• _WORK ORDER_: The answer required is how many lines of the following entries contain the word "CINDERELLA", with no other words.

Image-backed grounding data:

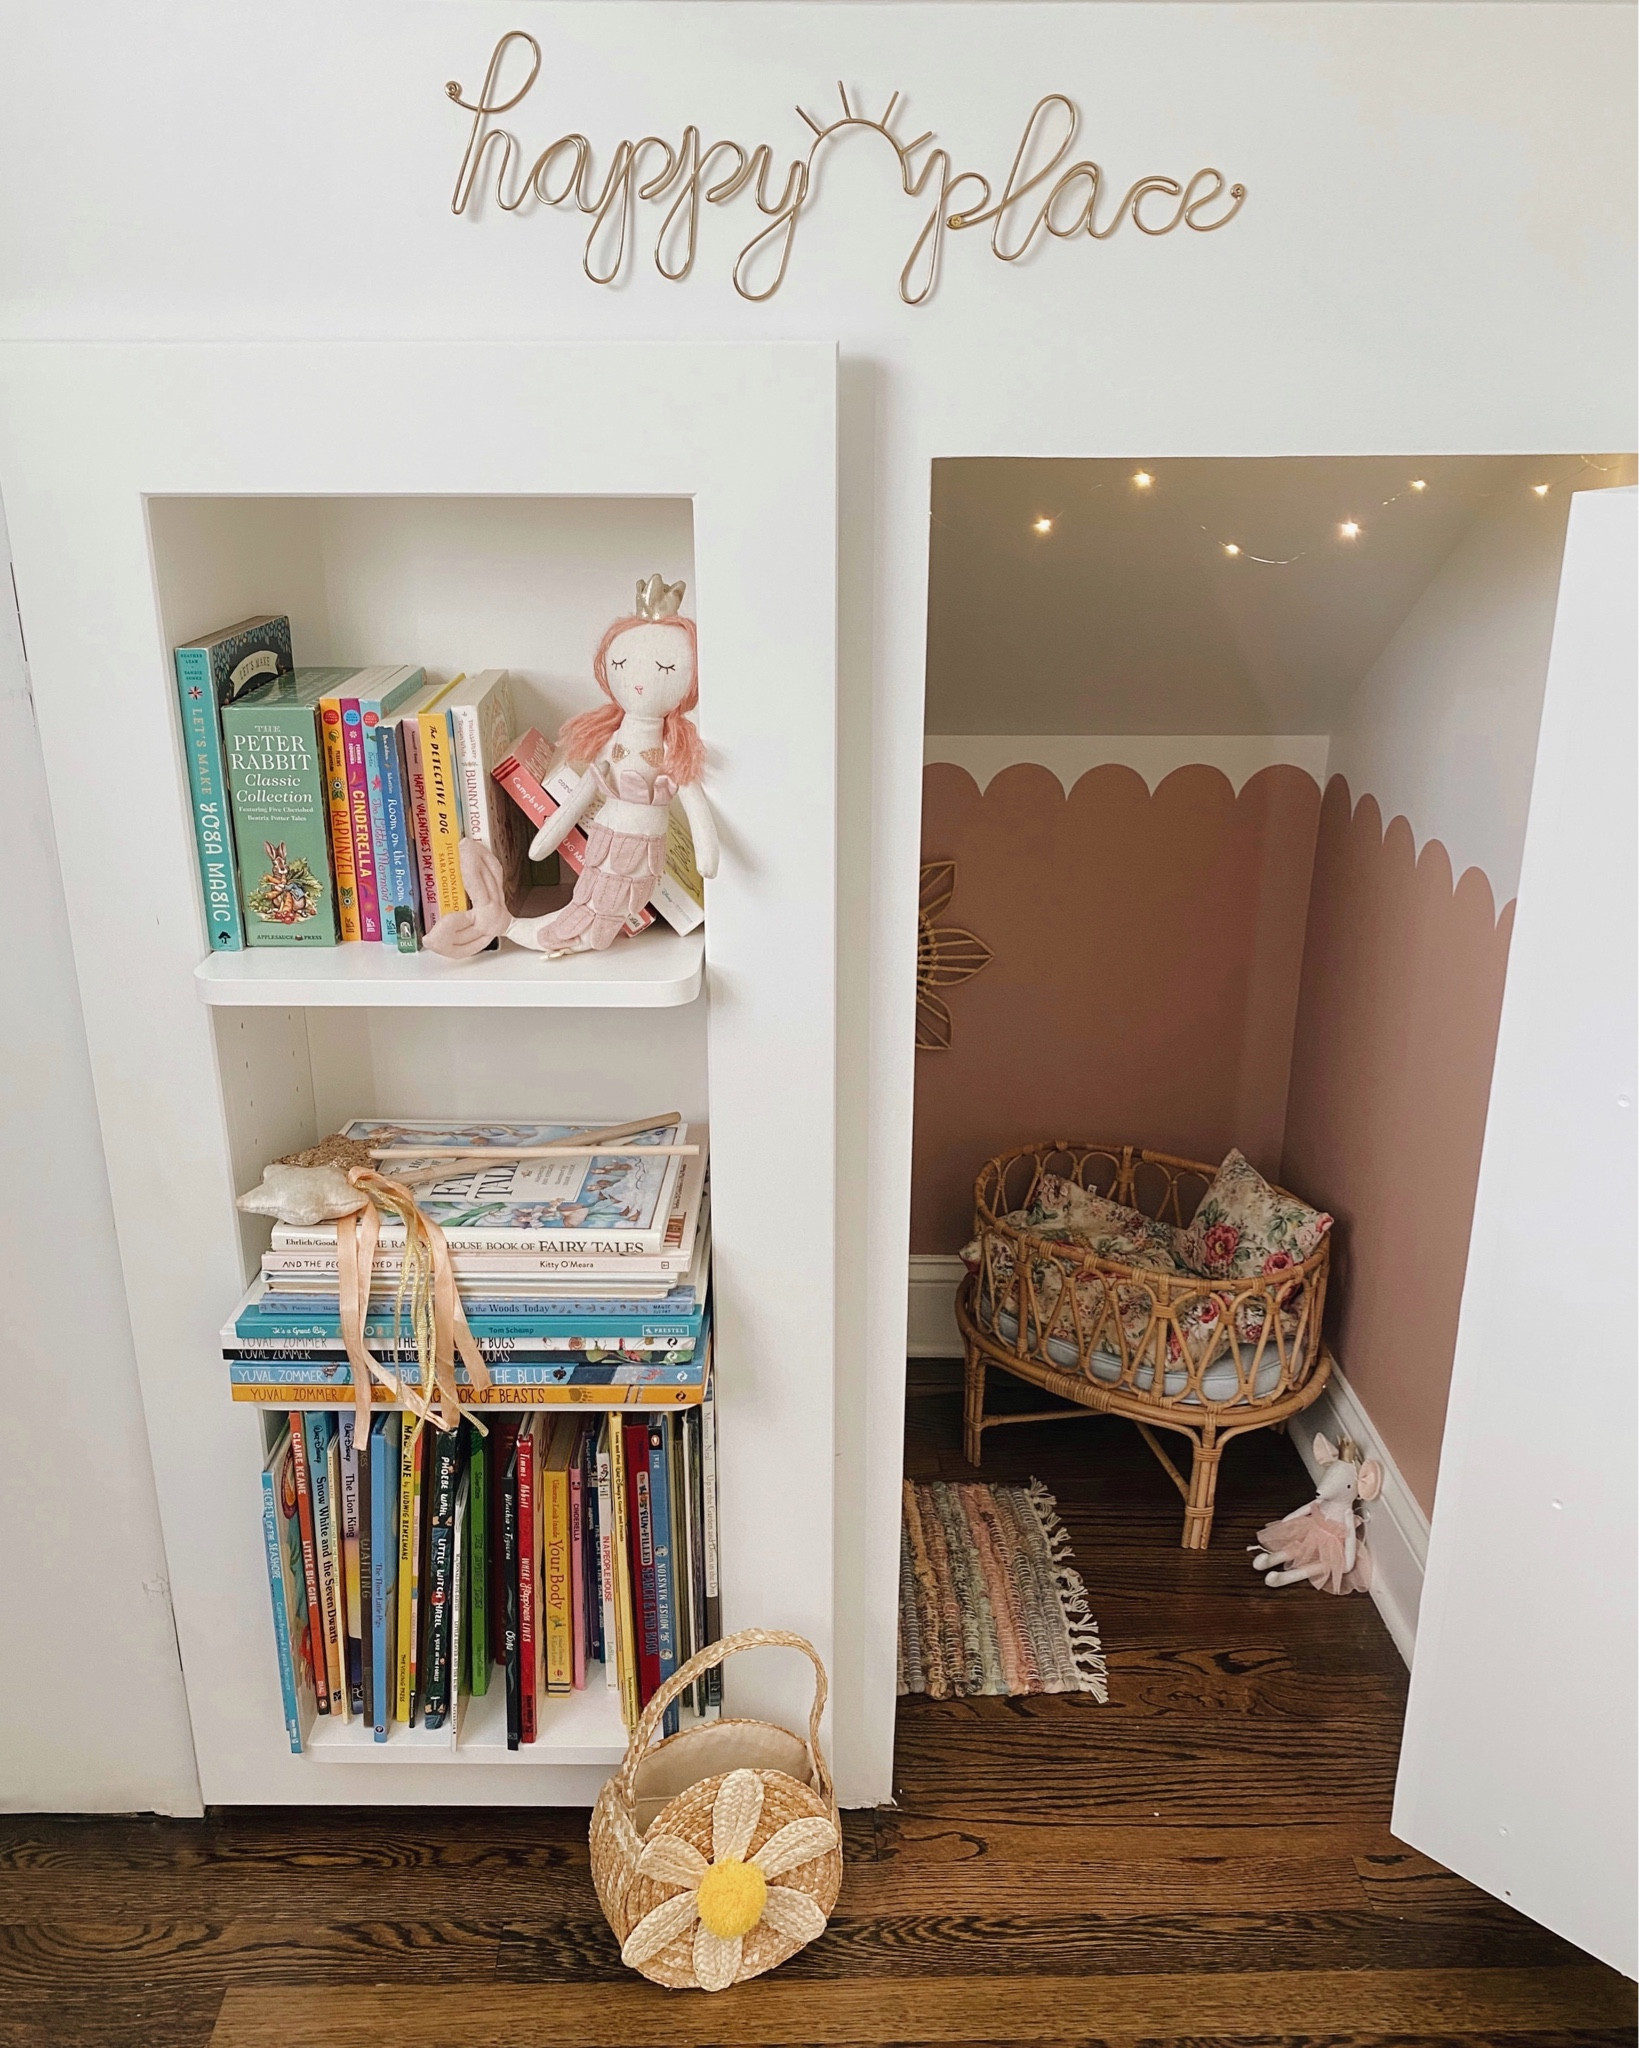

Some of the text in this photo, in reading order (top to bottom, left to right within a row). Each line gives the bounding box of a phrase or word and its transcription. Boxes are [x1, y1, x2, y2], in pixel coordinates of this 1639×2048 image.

[445, 30, 1246, 304] happy place
[239, 656, 271, 680] LET'S MAKE
[254, 725, 281, 733] THE
[233, 734, 307, 752] PETER
[230, 753, 312, 771] RABBIT
[244, 773, 301, 787] Classic
[429, 725, 450, 835] The DETECTIVE DOG
[465, 769, 479, 809] BUNNY
[236, 790, 313, 803] Collection
[512, 776, 546, 814] Campbell
[192, 708, 231, 922] LET'S MAKE YOGA MAGIC
[238, 806, 268, 814] Featuring
[331, 810, 353, 878] RAPUNZEL
[352, 790, 372, 878] CINDERELLA
[413, 773, 425, 801] HAPPY
[424, 873, 437, 904] MOUSE!
[371, 799, 393, 902] The Little Mermaid
[387, 799, 406, 901] Room on the Broom
[438, 853, 450, 909] SARA OGILVIE
[446, 842, 460, 912] JULIA DONALDSO
[446, 1240, 644, 1255] HOUSE BOOK OF FAIRY TALES
[282, 1260, 594, 1270] AND THE Kitty O'Meara
[489, 1303, 550, 1315] Woods Today
[241, 1337, 515, 1349] YUVAL ZOMMER THE BUGS
[292, 1326, 311, 1334] Great
[312, 1326, 327, 1336] Big
[505, 1327, 534, 1335] Schamp
[238, 1350, 269, 1360] YUVAL
[272, 1350, 311, 1360] ZOMMER
[405, 1350, 419, 1362] BIG
[238, 1368, 553, 1385] YUVAL ZOMMER BIG BLUE
[250, 1388, 545, 1403] YUVAL ZOMMER OF BEASTS
[705, 1443, 713, 1461] Neal
[439, 1456, 450, 1517] PHOEBE WAHL
[706, 1474, 715, 1486] Up
[345, 1473, 357, 1538] The Lion King
[520, 1484, 530, 1509] Abbott
[292, 1432, 318, 1606] CLAIRE KEANE LITTLE BIG GIRL
[401, 1490, 410, 1561] LUDWIG BEMELMANS
[552, 1518, 560, 1538] Inside
[573, 1503, 581, 1542] CINDERELLA
[707, 1505, 716, 1530] Garden
[263, 1487, 273, 1520] SECRETS
[268, 1541, 281, 1579] SEASHORE
[602, 1535, 610, 1543] IN
[639, 1509, 651, 1564] FUN-FILLED
[708, 1530, 716, 1542] and
[316, 1476, 337, 1645] Snow White and the Seven Dwarfs
[548, 1540, 565, 1573] Your
[602, 1550, 611, 1577] PEOPLE
[708, 1543, 717, 1563] Down
[360, 1539, 371, 1599] WAITING
[520, 1557, 531, 1584] WHERE
[709, 1571, 717, 1581] the
[710, 1563, 716, 1571] in
[375, 1562, 384, 1628] The Three Little Pigs
[434, 1538, 447, 1628] LITTLE WITCH HAZEL
[549, 1574, 565, 1610] Body
[603, 1577, 612, 1602] HOUSE
[642, 1567, 655, 1601] SEARCH
[656, 1563, 668, 1601] MANSION
[710, 1582, 718, 1595] Dirt
[520, 1583, 532, 1622] Happiness
[644, 1601, 656, 1609] &
[644, 1609, 656, 1630] FIND
[658, 1603, 669, 1630] MOUSE
[522, 1622, 532, 1643] LIVES
[645, 1630, 658, 1656] BOOK
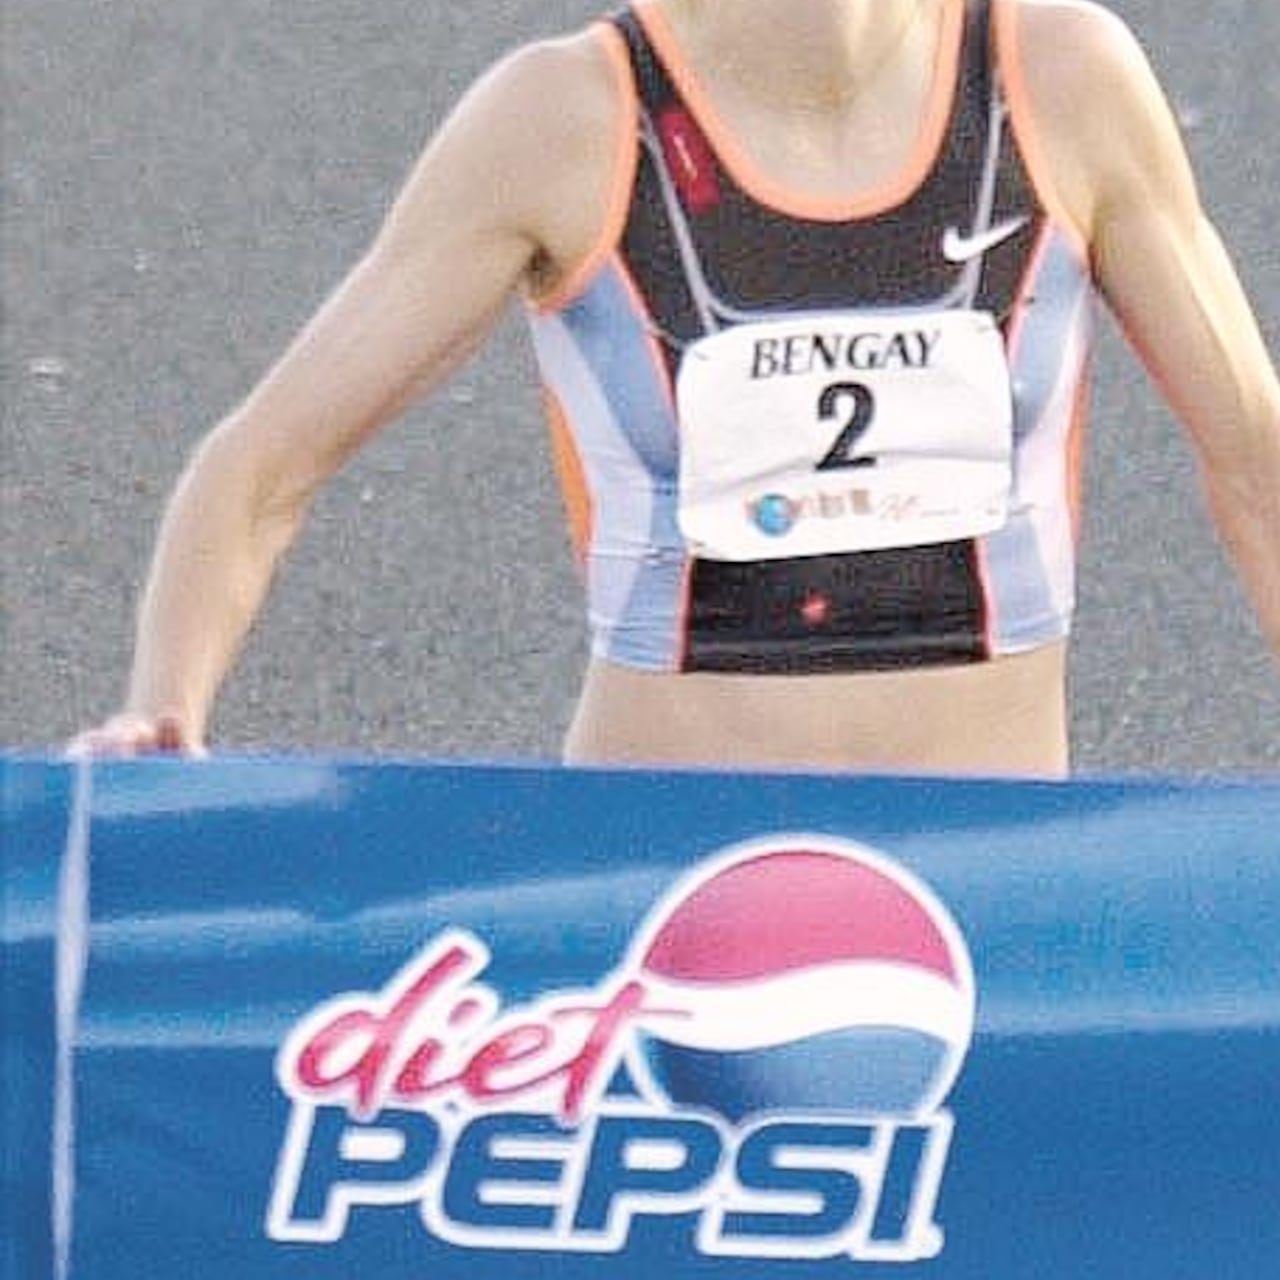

• _ANSWER AREA_: 2